>>>

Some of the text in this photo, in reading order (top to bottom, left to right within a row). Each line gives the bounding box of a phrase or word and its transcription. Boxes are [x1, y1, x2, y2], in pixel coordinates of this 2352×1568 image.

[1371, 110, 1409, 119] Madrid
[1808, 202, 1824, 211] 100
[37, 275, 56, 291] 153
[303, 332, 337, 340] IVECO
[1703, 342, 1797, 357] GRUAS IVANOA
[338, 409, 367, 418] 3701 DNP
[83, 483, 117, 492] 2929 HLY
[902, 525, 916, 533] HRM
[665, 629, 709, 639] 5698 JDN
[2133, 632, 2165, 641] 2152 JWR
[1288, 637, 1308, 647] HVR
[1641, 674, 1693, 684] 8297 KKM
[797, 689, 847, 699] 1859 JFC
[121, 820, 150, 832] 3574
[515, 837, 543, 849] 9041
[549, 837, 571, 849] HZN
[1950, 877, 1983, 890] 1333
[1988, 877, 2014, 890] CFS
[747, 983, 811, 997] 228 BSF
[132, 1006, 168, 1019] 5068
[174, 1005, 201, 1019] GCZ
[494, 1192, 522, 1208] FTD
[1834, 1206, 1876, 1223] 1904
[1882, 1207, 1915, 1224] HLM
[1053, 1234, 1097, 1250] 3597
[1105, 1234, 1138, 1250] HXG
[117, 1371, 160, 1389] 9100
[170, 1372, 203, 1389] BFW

<<<

(Exercise details) Everything in the listing is to be restated exactly.

(Expected answer)
Some of the text in this photo, in reading order (top to bottom, left to right within a row). Each line gives the bounding box of a phrase or word and its transcription. Boxes are [x1, y1, x2, y2], in pixel coordinates of this 2352×1568 image.

[1371, 110, 1409, 119] Madrid
[1808, 202, 1824, 211] 100
[37, 275, 56, 291] 153
[303, 332, 337, 340] IVECO
[1703, 342, 1797, 357] GRUAS IVANOA
[338, 409, 367, 418] 3701 DNP
[83, 483, 117, 492] 2929 HLY
[902, 525, 916, 533] HRM
[665, 629, 709, 639] 5698 JDN
[2133, 632, 2165, 641] 2152 JWR
[1288, 637, 1308, 647] HVR
[1641, 674, 1693, 684] 8297 KKM
[797, 689, 847, 699] 1859 JFC
[121, 820, 150, 832] 3574
[515, 837, 543, 849] 9041
[549, 837, 571, 849] HZN
[1950, 877, 1983, 890] 1333
[1988, 877, 2014, 890] CFS
[747, 983, 811, 997] 228 BSF
[132, 1006, 168, 1019] 5068
[174, 1005, 201, 1019] GCZ
[494, 1192, 522, 1208] FTD
[1834, 1206, 1876, 1223] 1904
[1882, 1207, 1915, 1224] HLM
[1053, 1234, 1097, 1250] 3597
[1105, 1234, 1138, 1250] HXG
[117, 1371, 160, 1389] 9100
[170, 1372, 203, 1389] BFW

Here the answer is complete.